▸ WORK TASK
Line by line, copy the data below exactly.

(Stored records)
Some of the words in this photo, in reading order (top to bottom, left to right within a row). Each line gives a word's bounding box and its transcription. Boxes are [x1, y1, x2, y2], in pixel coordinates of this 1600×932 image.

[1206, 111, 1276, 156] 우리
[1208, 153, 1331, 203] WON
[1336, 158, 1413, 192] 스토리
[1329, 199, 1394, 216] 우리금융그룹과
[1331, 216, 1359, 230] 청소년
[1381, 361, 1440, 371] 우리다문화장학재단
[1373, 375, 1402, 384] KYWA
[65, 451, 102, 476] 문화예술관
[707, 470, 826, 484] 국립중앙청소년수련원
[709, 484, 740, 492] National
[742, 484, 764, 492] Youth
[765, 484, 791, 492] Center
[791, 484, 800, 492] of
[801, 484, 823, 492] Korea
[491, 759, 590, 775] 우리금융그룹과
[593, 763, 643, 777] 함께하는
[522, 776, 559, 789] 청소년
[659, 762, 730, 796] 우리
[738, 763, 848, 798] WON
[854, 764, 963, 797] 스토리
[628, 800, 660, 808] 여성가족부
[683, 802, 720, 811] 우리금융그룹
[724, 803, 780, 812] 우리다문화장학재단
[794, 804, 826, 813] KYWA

▸ EXPECTED ANSWER
Some of the words in this photo, in reading order (top to bottom, left to right within a row). Each line gives a word's bounding box and its transcription. Boxes are [x1, y1, x2, y2], in pixel coordinates of this 1600×932 image.

[1206, 111, 1276, 156] 우리
[1208, 153, 1331, 203] WON
[1336, 158, 1413, 192] 스토리
[1329, 199, 1394, 216] 우리금융그룹과
[1331, 216, 1359, 230] 청소년
[1381, 361, 1440, 371] 우리다문화장학재단
[1373, 375, 1402, 384] KYWA
[65, 451, 102, 476] 문화예술관
[707, 470, 826, 484] 국립중앙청소년수련원
[709, 484, 740, 492] National
[742, 484, 764, 492] Youth
[765, 484, 791, 492] Center
[791, 484, 800, 492] of
[801, 484, 823, 492] Korea
[491, 759, 590, 775] 우리금융그룹과
[593, 763, 643, 777] 함께하는
[522, 776, 559, 789] 청소년
[659, 762, 730, 796] 우리
[738, 763, 848, 798] WON
[854, 764, 963, 797] 스토리
[628, 800, 660, 808] 여성가족부
[683, 802, 720, 811] 우리금융그룹
[724, 803, 780, 812] 우리다문화장학재단
[794, 804, 826, 813] KYWA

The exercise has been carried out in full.